## Saved entries
------------------------------------------------------------------------

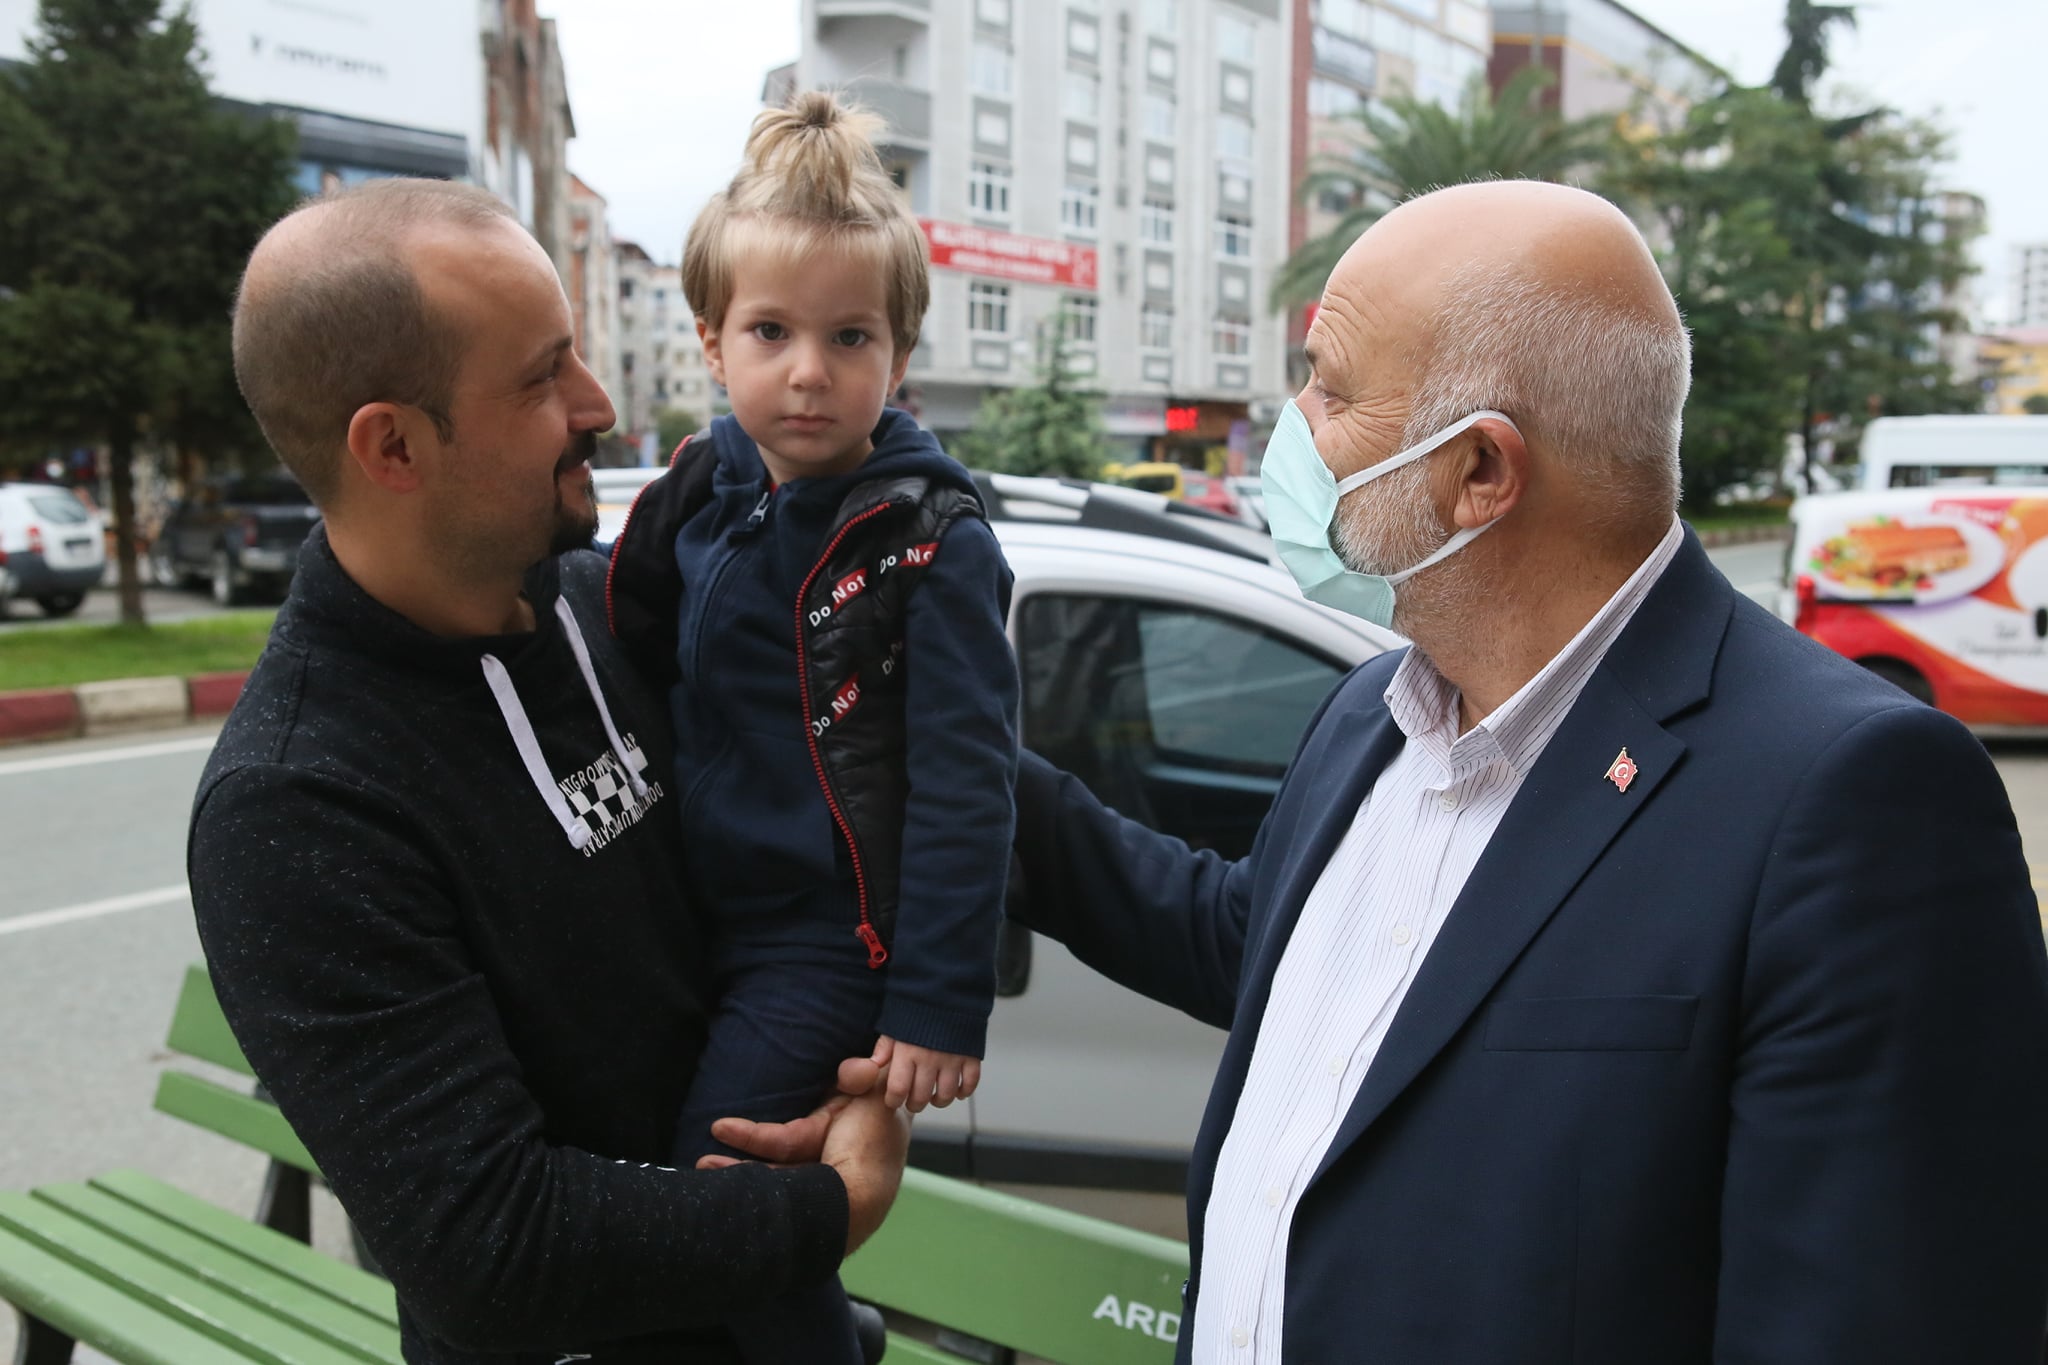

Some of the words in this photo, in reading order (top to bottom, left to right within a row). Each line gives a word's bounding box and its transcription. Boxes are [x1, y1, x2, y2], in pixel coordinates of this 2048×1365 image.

[906, 548, 933, 563] No
[809, 606, 831, 627] Do
[832, 575, 866, 603] Not
[812, 716, 830, 736] Do
[831, 683, 861, 714] Not
[1093, 1294, 1182, 1343] ARD

------------------------------------------------------------------------

## ABOUT THIS TASK
This calls for an exact copy of all the entries above, with the pictures omitted.

## OUTPUT OF THE TASK
Some of the words in this photo, in reading order (top to bottom, left to right within a row). Each line gives a word's bounding box and its transcription. Boxes are [x1, y1, x2, y2], in pixel coordinates of this 2048×1365 image.

[906, 548, 933, 563] No
[809, 606, 831, 627] Do
[832, 575, 866, 603] Not
[812, 716, 830, 736] Do
[831, 683, 861, 714] Not
[1093, 1294, 1182, 1343] ARD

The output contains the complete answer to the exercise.